• [DESCRIPTION OF THE TASK]: Although the entries contain pictures, repeat only their words, exactly as written.

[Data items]

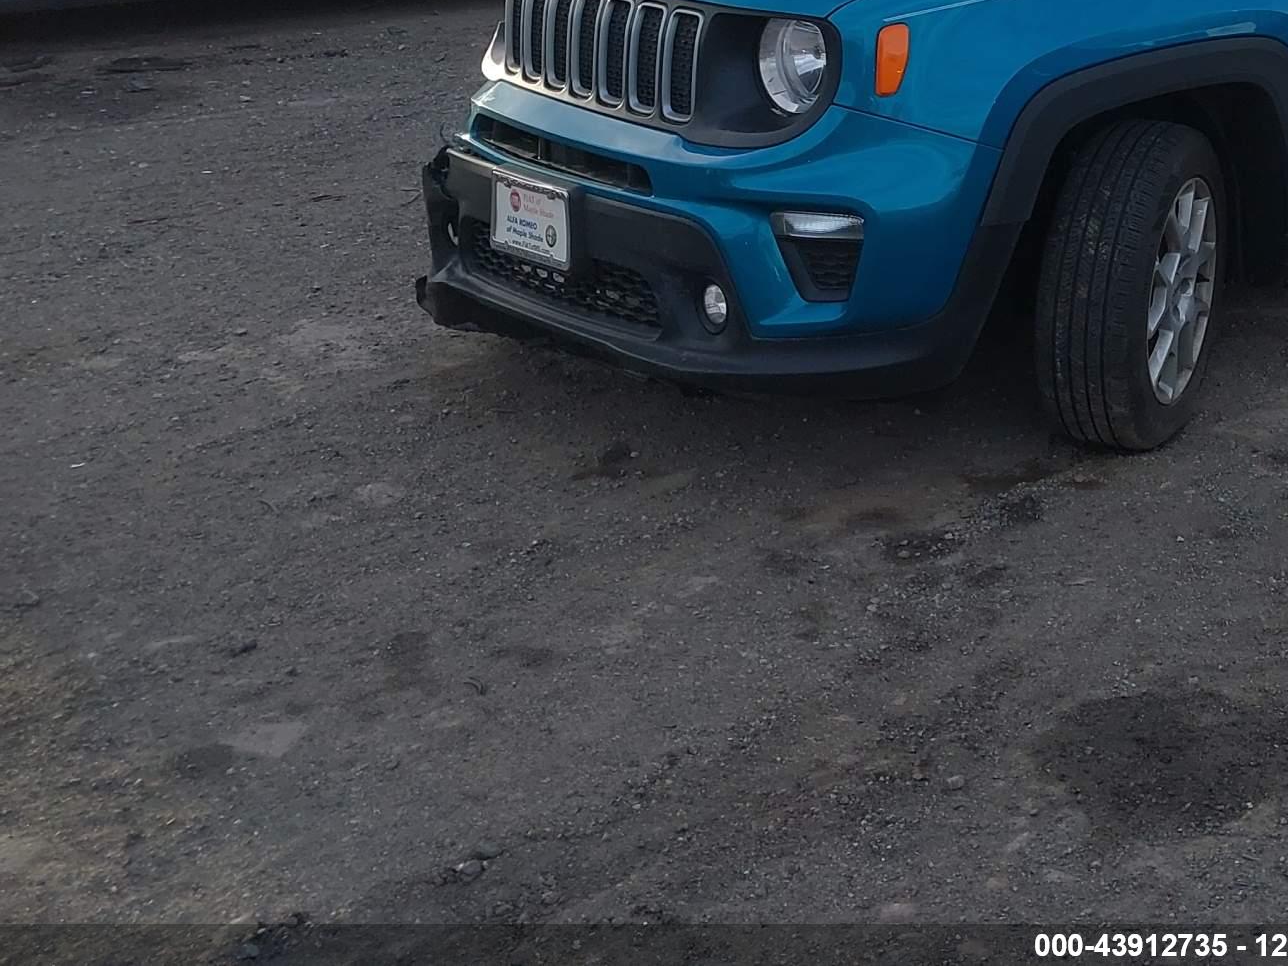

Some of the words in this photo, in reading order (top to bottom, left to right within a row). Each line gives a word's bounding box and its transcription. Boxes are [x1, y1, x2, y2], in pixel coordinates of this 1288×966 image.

[507, 215, 518, 225] ALFA
[519, 218, 538, 230] ROMEO
[512, 227, 527, 238] Maple
[528, 230, 544, 242] Shade

• [RESULT BELOW]:
Some of the words in this photo, in reading order (top to bottom, left to right within a row). Each line gives a word's bounding box and its transcription. Boxes are [x1, y1, x2, y2], in pixel coordinates of this 1288×966 image.

[507, 215, 518, 225] ALFA
[519, 218, 538, 230] ROMEO
[512, 227, 527, 238] Maple
[528, 230, 544, 242] Shade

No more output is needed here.